Oi encerra novembro de 2025 com apenas R$ 8 milhões em caixa líquido contábil, conforme a demonstração financeira mensal apresentada no âmbito do processo de recuperação judicial da companhia.
O total de caixa da empresa em novembro de 2025 foi de R$ 452 milhões, mas R$ 443 milhões estavam classificados como caixa restrito, limitando o uso pelos gestores do grupo.
A composição do caixa restrito inclui valores vinculados a diferentes naturezas de restrição, como caixa restrito V.tal (R$ 34 milhões), resíduo bancário (R$ 30 milhões), bloqueios por incentivos fiscais (R$ 3 milhões) e contas retificadoras (R$ 3 milhões), entre outros.

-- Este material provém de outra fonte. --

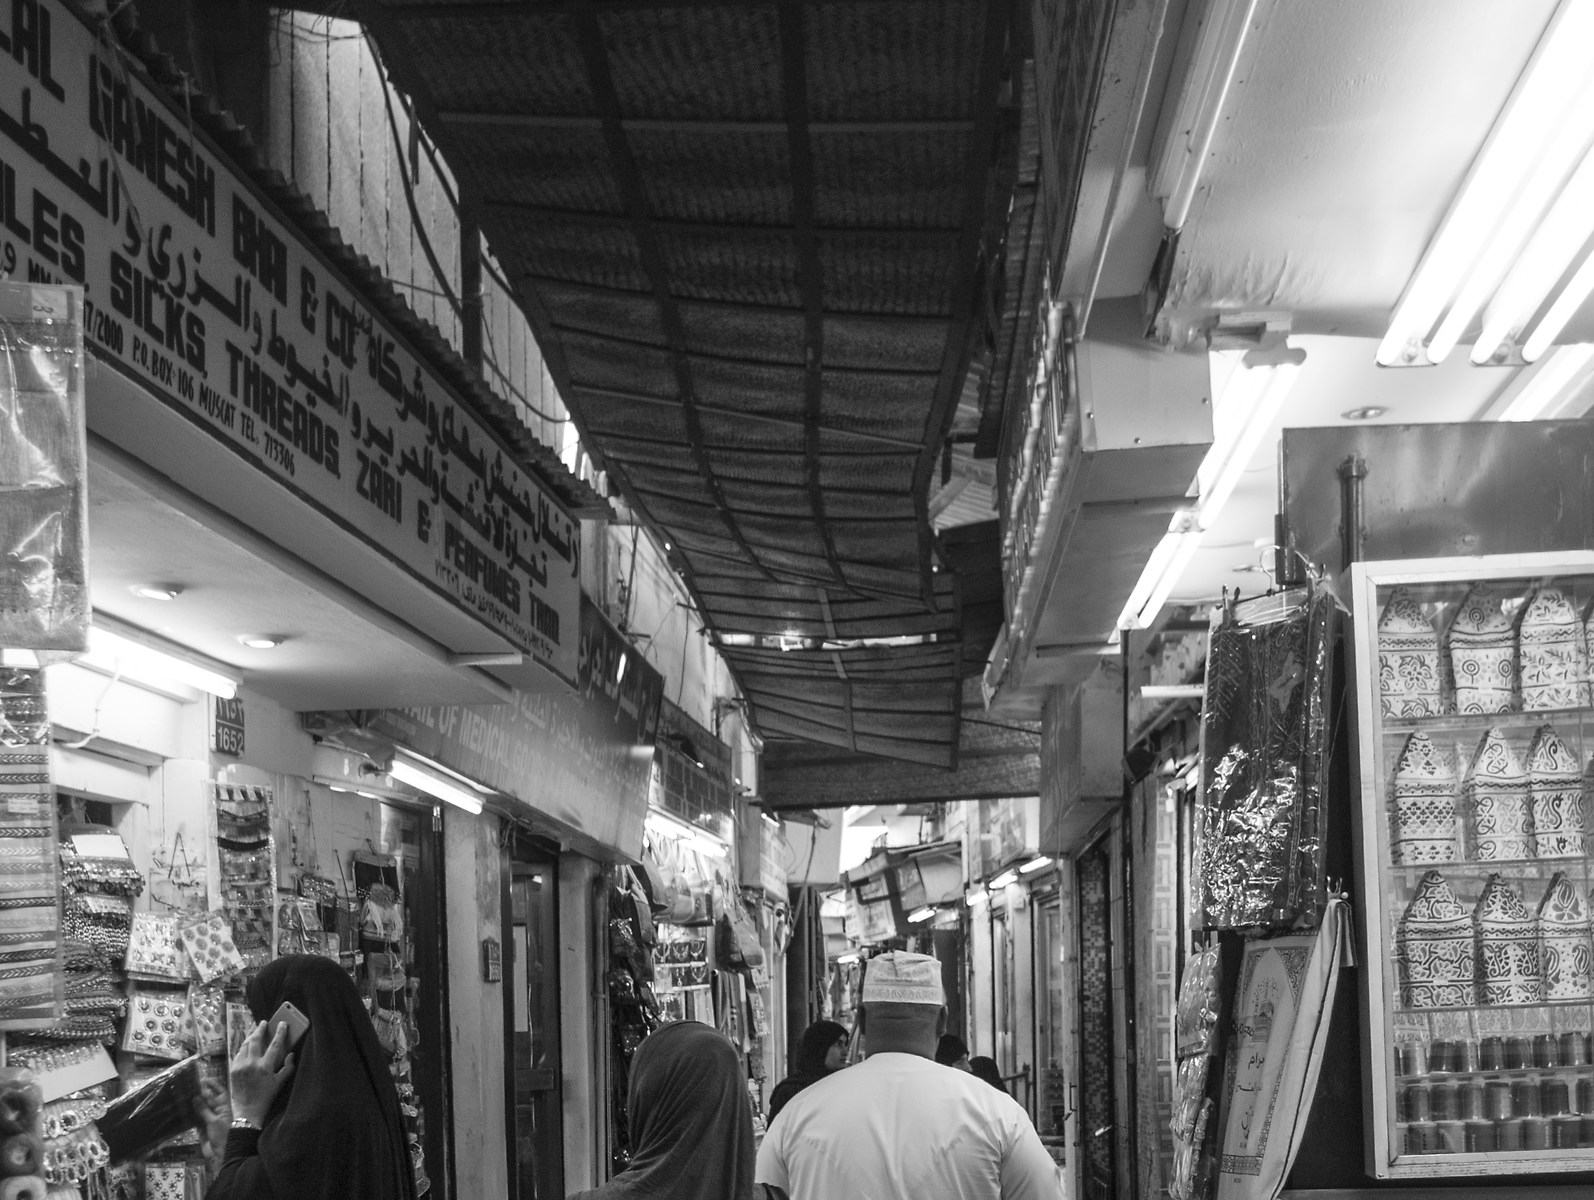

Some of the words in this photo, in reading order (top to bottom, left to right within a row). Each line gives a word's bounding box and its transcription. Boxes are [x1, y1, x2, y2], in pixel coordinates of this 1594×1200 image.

[90, 53, 215, 238] GANESH
[178, 367, 194, 402] 106
[200, 382, 236, 430] MUSCAT
[264, 430, 295, 477] 713306
[356, 448, 402, 525] ZARI
[445, 520, 521, 615] PERFUMES
[218, 727, 244, 756] 1652
[458, 706, 510, 768] MEDICAL
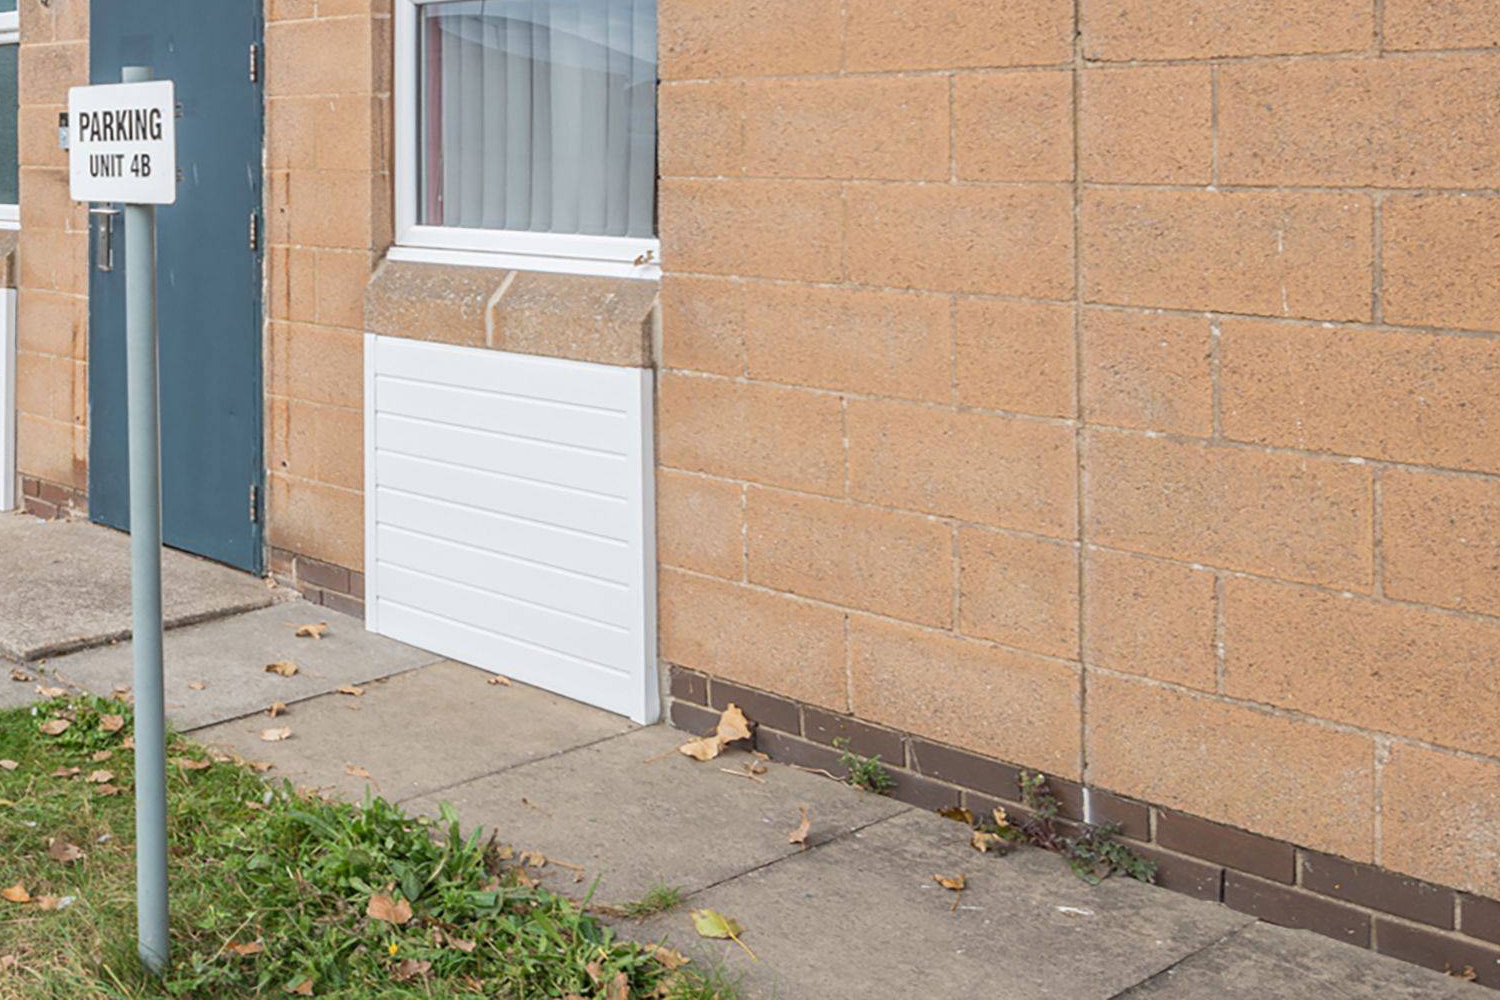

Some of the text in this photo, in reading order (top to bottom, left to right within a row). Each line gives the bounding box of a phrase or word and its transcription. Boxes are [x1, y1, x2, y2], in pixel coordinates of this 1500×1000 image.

[79, 107, 162, 142] PARKING
[90, 153, 151, 177] UNIT 4B

Após a dedução dessas restrições, o caixa líquido contábil disponível ficou limitado aos R$ 8 milhões no encerramento de novembro. Em termos de comparação, houve uma redução de R$ 272 milhões no caixa líquido contábil em doze meses, sinalizando o desafio de recompor liquidez sob o regime de recuperação.
Em novembro de 2025, a geração operacional do grupo foi positiva em R$ 29 milhões, mas esse resultado mensal não foi suficiente para recompor a liquidez disponível, dada a elevada parcela de recursos classificados como restritos. Ainda no mês, ocorreu saque de pouco mais de R$ 500 milhões de conta garantia da Oi para pagamento de contas da Serede.
Caixa de Serede e Tahto fecha novembro de 2025 em R$ 4,242 milhões, revelando a mesma tendência de restrição que se vê no conjunto do grupo. Ao longo de 2025, o caixa das subsidiárias apresentou volatilidade, com patamares mais elevados no início do ano e quedas entre julho e outubro, antes da elevação observada em novembro.
Segundo a tabela, a geração operacional consolidada das empresas foi negativa em R$ 6,11 milhõesR$ 10,29 milhões no mês. No acumulado do período apresentado, a geração operacional soma R$ 91,857 milhões de prejuízo.